In the previous essay titled “Atheism’s Evolution Dilemma’, it was noted that evolution presents atheists and atheistic-naturalists with a dilemma: namely, if the atheistic-naturalist believes that evolution created human beings with cognitive faculties that have a low or inscrutable reliability when it comes to tracking the truth about the world, then the atheistic-naturalist has a reason to disbelieve or be uncertain about everything that is delivered by those cognitive faculties, including his belief in evolution and atheistic-naturalism; but if the atheistic-naturalist believes that evolution created human beings with cognitive faculties that have a high reliability when it comes to tracking the truth about the world, then the atheistic-naturalist has a reason to disbelieve or be uncertain about atheistic-naturalism, for those highly reliable cognitive faculties have almost universally created, in human beings, the belief that atheistic-naturalism is false and that theism and/or supernaturalism is true. So whatever way the atheistic-naturalist turns, evolution creates a problem for him given that it seems to generate a defeater for belief in atheistic-naturalism regardless of which route the atheistic-naturalist decides to take. And yet, as with all arguments, this one is subject to certain objections, and so those objections must be dealt with, which is precisely what we will now do.

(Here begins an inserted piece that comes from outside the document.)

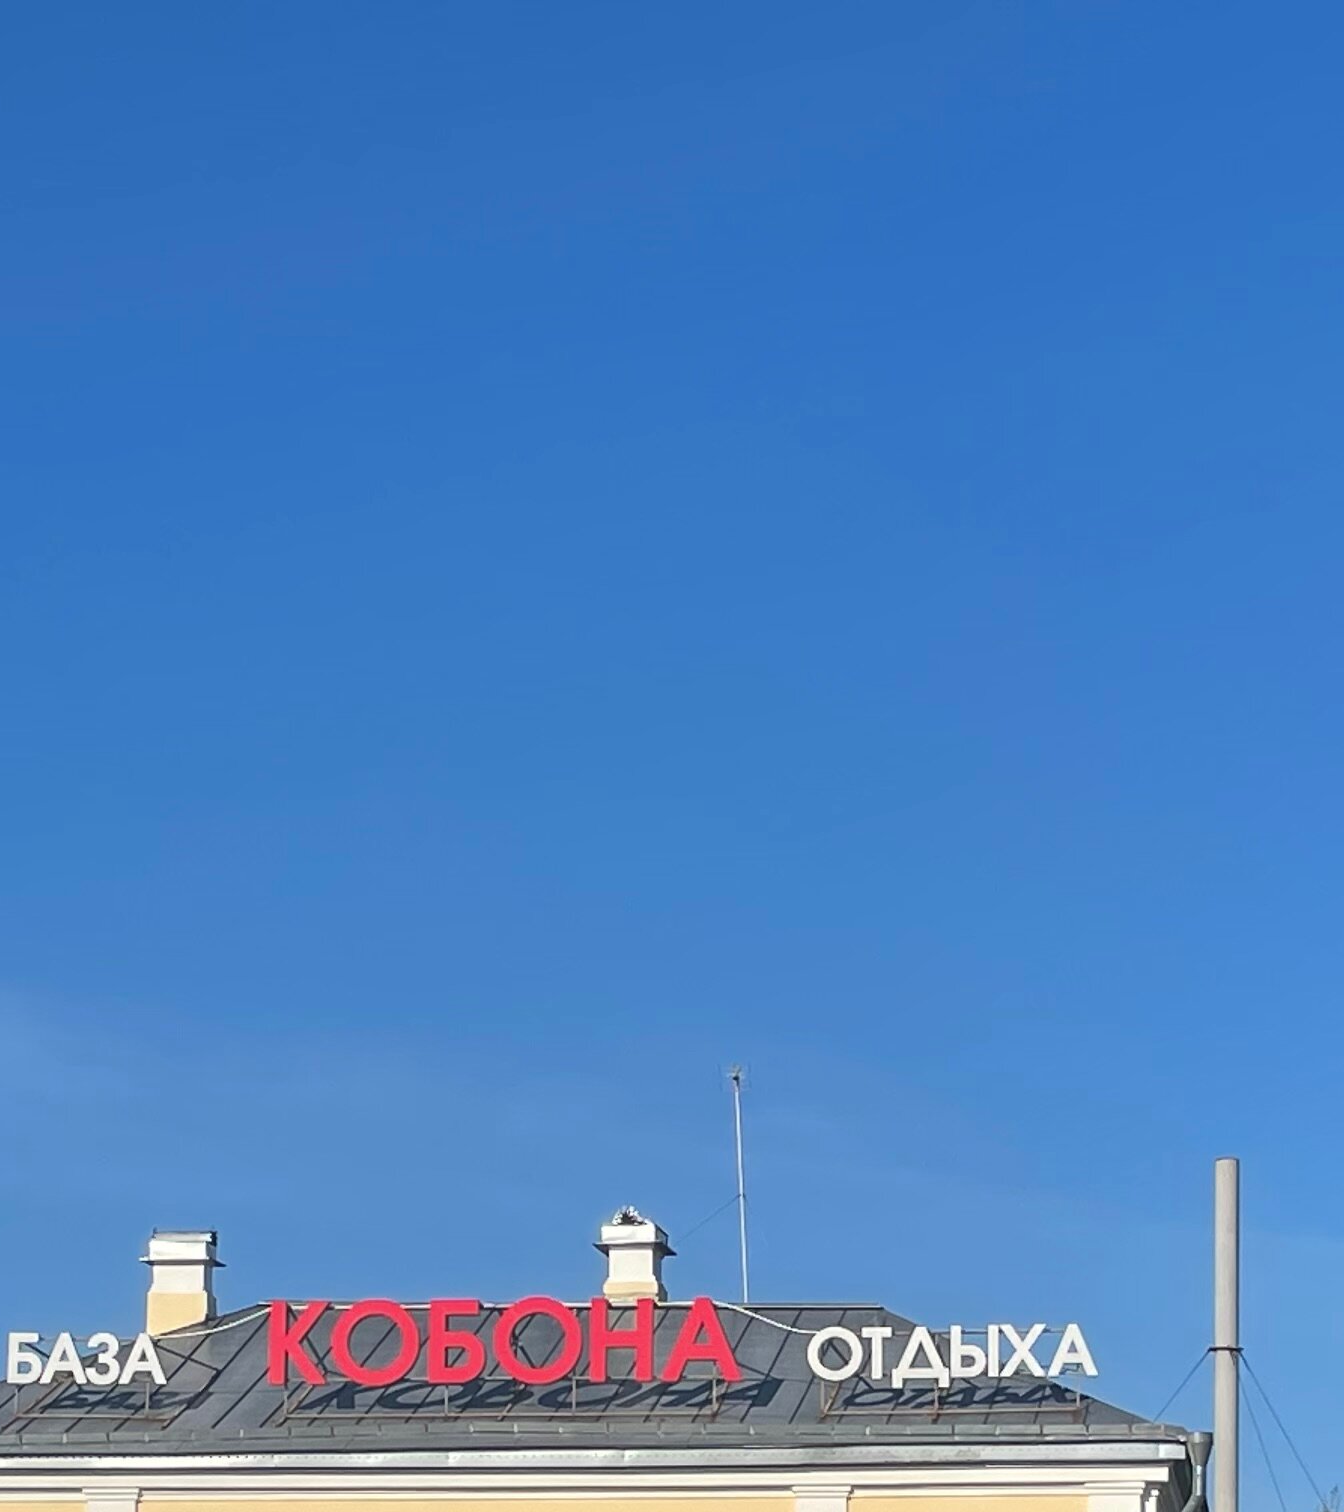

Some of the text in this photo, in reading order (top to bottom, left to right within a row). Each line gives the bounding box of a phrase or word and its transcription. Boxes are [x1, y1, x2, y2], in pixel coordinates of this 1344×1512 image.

[7, 1296, 1099, 1388] БАЗА КОБОНА ОТДЫХА

Now, when dealing with the objections that the atheistic-naturalist might raise, the first thing to be careful of is that the atheistic-naturalist simply not try to ‘special-plead’ his way out of this dilemma by merely asserting that theistic and/or supernatural belief just happens to be a major exception to humanity’s otherwise reliable evolution-created truth-tracking cognitive faculties. Indeed, until and unless the atheistic-naturalist gives us a sound reason to believe him, the atheistic-naturalist cannot just claim, without evidence, that our cognitive faculties are reliable in their truth-tracking ability except when it comes to theistic and/or supernatural beliefs. That would be obvious special-pleading. And yet, if the atheistic-naturalist does try to give a reason for why theistic and/or supernatural beliefs should not be considered a reliable deliverance of our cognitive faculties when most of its other deliverances are, then the atheistic-naturalist runs into numerous other dilemma-like problems which still undermine atheistic-naturalism.

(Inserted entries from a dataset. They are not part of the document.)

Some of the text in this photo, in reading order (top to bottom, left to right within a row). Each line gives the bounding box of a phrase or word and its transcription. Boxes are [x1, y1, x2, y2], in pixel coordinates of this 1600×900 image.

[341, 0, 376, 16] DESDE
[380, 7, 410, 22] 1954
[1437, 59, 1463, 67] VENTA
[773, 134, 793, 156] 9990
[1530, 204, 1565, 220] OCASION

First, notice that if the atheistic-naturalist does indeed claim that humanity’s evolution-created cognitive faculties are reliably truth-tracking, but not for theistic and/or supernatural beliefs, then the atheistic-naturalist has a serious problem, for given the absolutely pervasive nature of theistic and/or supernatural beliefs across all of human history, then this raises the question that if human cognitive faculties can be so widely mistaken in such an crucial area, then this fact is itself some grounds to doubt the truth-tracking reliability of human cognitive faculties in general. And so, the atheistic-naturalist is back at the original problem of now having a reason to believe that the truth-tracking reliability of human cognitive faculties is either low or inscrutable. So this is the first issue with claiming that human cognitive faculties are unreliable concerning belief in theism and/or supernaturalism: namely, that it forces the atheistic-naturalist right back into the original dilemma that he was trying to deal with.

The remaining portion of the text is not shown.